I often wondered what it would feel like to have a mom who cared. “Your mom is a very special person.”

He straightens and shrugs. “She also told me Neptune went direct and, for a whole bunch of reasons that I didn’t really follow, you should take up journaling.”

I laugh at that. “You don’t believe in all this, do you?”

He bites down on his lower lip for a second, and I see how perfectly straight and white his teeth are. “She does. And I guess, the question really is, do you?”

I think about it for a second. Having a mom, anyone’s mom, worry about me enough to take action and send energy to keep me safe feels like something worth believing in.

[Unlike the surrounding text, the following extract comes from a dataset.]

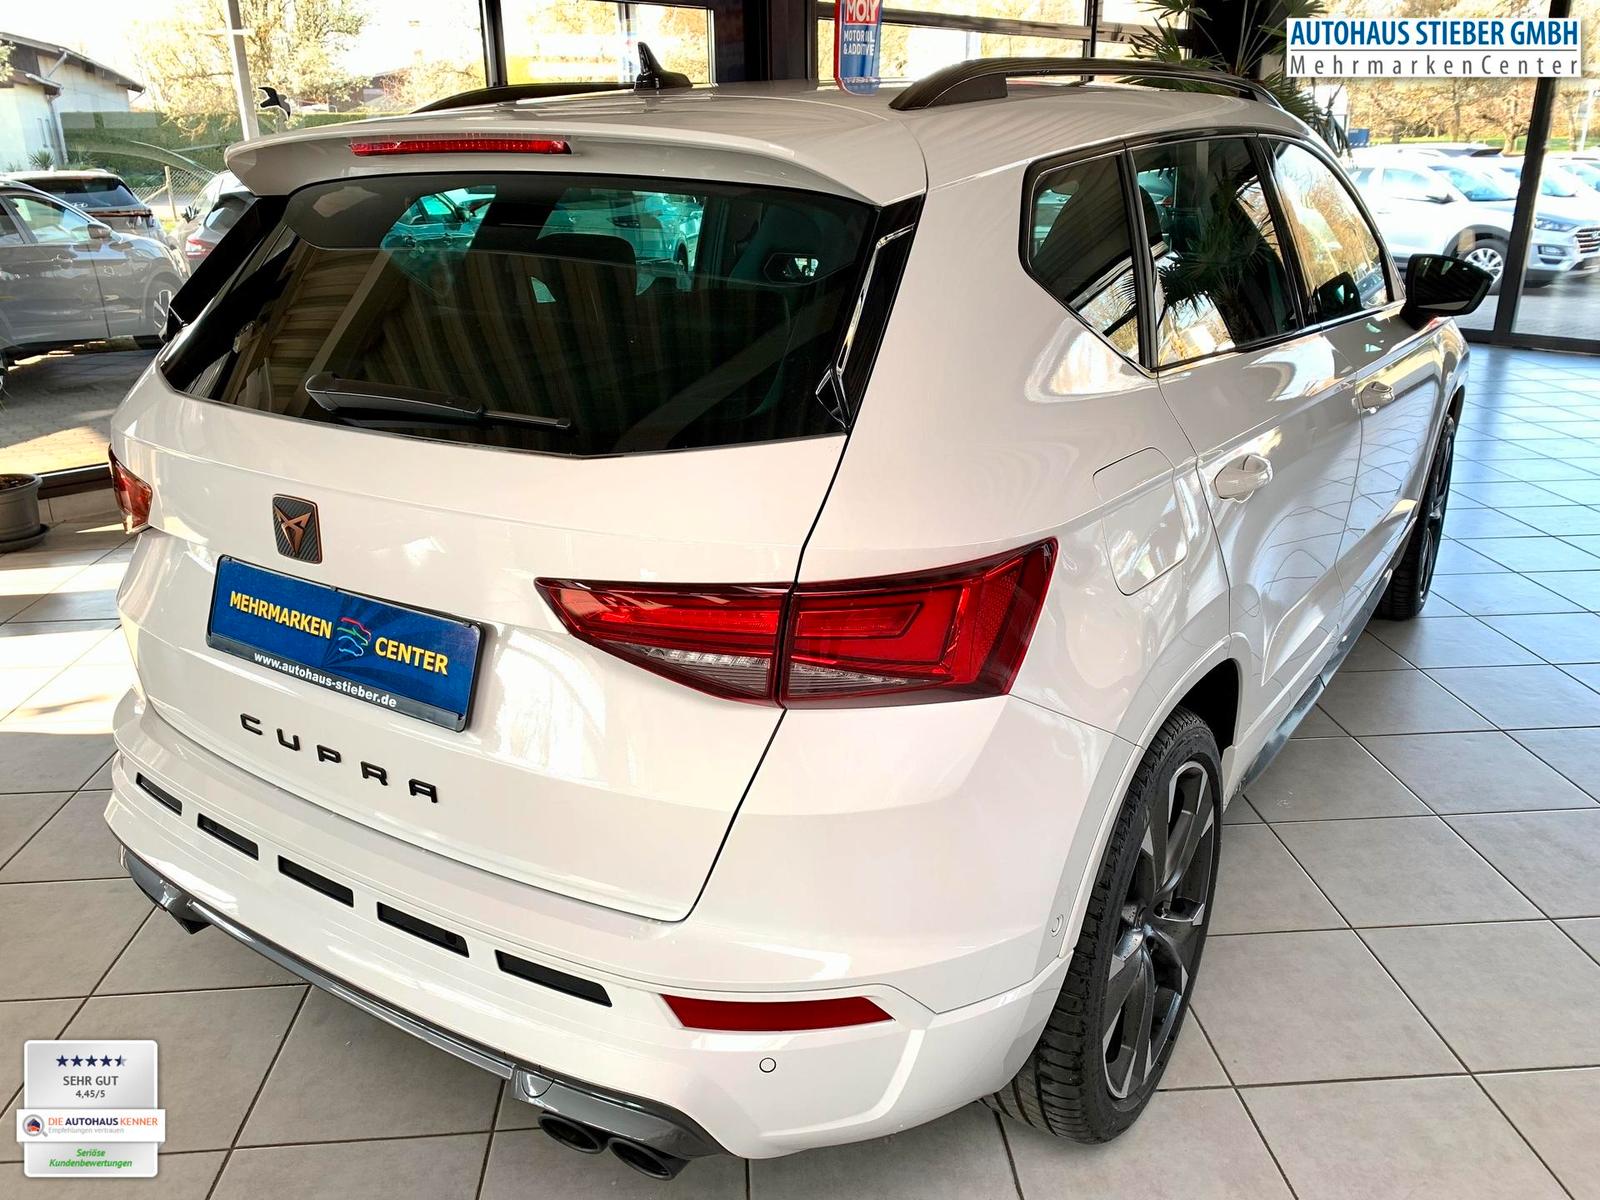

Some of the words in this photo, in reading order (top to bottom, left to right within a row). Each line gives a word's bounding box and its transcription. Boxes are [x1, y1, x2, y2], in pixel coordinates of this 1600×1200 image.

I hold the tourmaline in my hand, close my eyes, and breathe for a second. “Yeah. I think I do.”

Catfish smiles. “Good. Now, as you ruthlessly pointed out this morning, I can’t help you do the work, but I can make sure you get what you need while you do it.

So, in the future, if the lights are too bright, just dim them.

If the music is too loud, turn it down. You get hungry, open the fridge and eat what you want.

You don’t see anything there you like, let me know and I’ll get it.

You got everything you need to get started? ”

I nod. “I do.”

“Good.” He picks up his knife. “Then let’s get to it.”